Stored entries:
-=-=-

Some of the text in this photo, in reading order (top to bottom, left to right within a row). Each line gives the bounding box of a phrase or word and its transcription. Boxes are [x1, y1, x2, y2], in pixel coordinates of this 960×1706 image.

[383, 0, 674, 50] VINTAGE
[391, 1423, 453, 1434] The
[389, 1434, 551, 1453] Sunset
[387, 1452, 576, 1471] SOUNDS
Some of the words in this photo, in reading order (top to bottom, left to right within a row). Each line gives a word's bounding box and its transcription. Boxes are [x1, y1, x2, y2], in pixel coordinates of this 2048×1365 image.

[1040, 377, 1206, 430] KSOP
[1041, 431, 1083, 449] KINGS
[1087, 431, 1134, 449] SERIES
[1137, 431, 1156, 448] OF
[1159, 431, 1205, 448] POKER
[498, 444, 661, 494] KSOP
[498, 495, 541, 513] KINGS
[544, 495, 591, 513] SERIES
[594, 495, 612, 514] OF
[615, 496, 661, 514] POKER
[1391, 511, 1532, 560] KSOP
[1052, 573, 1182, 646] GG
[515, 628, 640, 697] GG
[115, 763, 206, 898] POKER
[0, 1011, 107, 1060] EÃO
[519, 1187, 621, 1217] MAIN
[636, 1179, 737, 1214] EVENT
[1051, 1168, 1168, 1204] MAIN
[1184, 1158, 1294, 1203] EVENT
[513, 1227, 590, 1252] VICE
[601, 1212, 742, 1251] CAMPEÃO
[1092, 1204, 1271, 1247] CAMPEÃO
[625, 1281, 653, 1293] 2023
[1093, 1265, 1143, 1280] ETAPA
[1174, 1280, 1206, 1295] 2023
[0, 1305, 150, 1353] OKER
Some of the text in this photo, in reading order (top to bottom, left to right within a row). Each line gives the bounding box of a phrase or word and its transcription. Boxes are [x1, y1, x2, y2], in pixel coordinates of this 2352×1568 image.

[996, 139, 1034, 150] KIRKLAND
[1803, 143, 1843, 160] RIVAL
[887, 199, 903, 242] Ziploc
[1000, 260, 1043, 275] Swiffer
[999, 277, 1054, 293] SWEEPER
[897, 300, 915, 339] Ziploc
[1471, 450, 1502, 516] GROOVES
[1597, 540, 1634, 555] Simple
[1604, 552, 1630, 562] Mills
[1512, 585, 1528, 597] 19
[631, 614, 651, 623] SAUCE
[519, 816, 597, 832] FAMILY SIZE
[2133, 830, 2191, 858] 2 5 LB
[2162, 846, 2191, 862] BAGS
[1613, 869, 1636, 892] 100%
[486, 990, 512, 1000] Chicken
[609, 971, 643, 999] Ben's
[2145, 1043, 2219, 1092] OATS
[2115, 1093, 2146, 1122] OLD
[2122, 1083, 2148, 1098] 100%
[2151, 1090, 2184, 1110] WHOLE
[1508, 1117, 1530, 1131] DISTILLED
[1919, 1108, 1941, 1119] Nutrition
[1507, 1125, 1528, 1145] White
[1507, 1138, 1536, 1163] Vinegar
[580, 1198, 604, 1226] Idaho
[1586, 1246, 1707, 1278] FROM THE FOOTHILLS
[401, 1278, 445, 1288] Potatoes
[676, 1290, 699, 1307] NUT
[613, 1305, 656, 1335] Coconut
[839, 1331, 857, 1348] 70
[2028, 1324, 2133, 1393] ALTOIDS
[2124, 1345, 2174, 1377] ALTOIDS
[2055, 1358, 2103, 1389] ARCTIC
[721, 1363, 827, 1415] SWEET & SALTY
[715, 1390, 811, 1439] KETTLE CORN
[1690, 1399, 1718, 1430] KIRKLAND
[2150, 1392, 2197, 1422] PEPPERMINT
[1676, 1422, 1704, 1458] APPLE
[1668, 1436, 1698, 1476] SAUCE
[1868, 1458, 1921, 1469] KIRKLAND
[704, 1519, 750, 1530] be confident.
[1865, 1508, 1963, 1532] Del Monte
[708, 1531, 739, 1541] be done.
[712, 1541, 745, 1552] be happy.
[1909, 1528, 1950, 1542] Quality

-=-=-

** What is being asked **
After locating the line containing "this 2352×1568 image.", write out that line and all remaining lines of the records exactly, with nothing added.

** Completed exercise **
Some of the text in this photo, in reading order (top to bottom, left to right within a row). Each line gives the bounding box of a phrase or word and its transcription. Boxes are [x1, y1, x2, y2], in pixel coordinates of this 2352×1568 image.

[996, 139, 1034, 150] KIRKLAND
[1803, 143, 1843, 160] RIVAL
[887, 199, 903, 242] Ziploc
[1000, 260, 1043, 275] Swiffer
[999, 277, 1054, 293] SWEEPER
[897, 300, 915, 339] Ziploc
[1471, 450, 1502, 516] GROOVES
[1597, 540, 1634, 555] Simple
[1604, 552, 1630, 562] Mills
[1512, 585, 1528, 597] 19
[631, 614, 651, 623] SAUCE
[519, 816, 597, 832] FAMILY SIZE
[2133, 830, 2191, 858] 2 5 LB
[2162, 846, 2191, 862] BAGS
[1613, 869, 1636, 892] 100%
[486, 990, 512, 1000] Chicken
[609, 971, 643, 999] Ben's
[2145, 1043, 2219, 1092] OATS
[2115, 1093, 2146, 1122] OLD
[2122, 1083, 2148, 1098] 100%
[2151, 1090, 2184, 1110] WHOLE
[1508, 1117, 1530, 1131] DISTILLED
[1919, 1108, 1941, 1119] Nutrition
[1507, 1125, 1528, 1145] White
[1507, 1138, 1536, 1163] Vinegar
[580, 1198, 604, 1226] Idaho
[1586, 1246, 1707, 1278] FROM THE FOOTHILLS
[401, 1278, 445, 1288] Potatoes
[676, 1290, 699, 1307] NUT
[613, 1305, 656, 1335] Coconut
[839, 1331, 857, 1348] 70
[2028, 1324, 2133, 1393] ALTOIDS
[2124, 1345, 2174, 1377] ALTOIDS
[2055, 1358, 2103, 1389] ARCTIC
[721, 1363, 827, 1415] SWEET & SALTY
[715, 1390, 811, 1439] KETTLE CORN
[1690, 1399, 1718, 1430] KIRKLAND
[2150, 1392, 2197, 1422] PEPPERMINT
[1676, 1422, 1704, 1458] APPLE
[1668, 1436, 1698, 1476] SAUCE
[1868, 1458, 1921, 1469] KIRKLAND
[704, 1519, 750, 1530] be confident.
[1865, 1508, 1963, 1532] Del Monte
[708, 1531, 739, 1541] be done.
[712, 1541, 745, 1552] be happy.
[1909, 1528, 1950, 1542] Quality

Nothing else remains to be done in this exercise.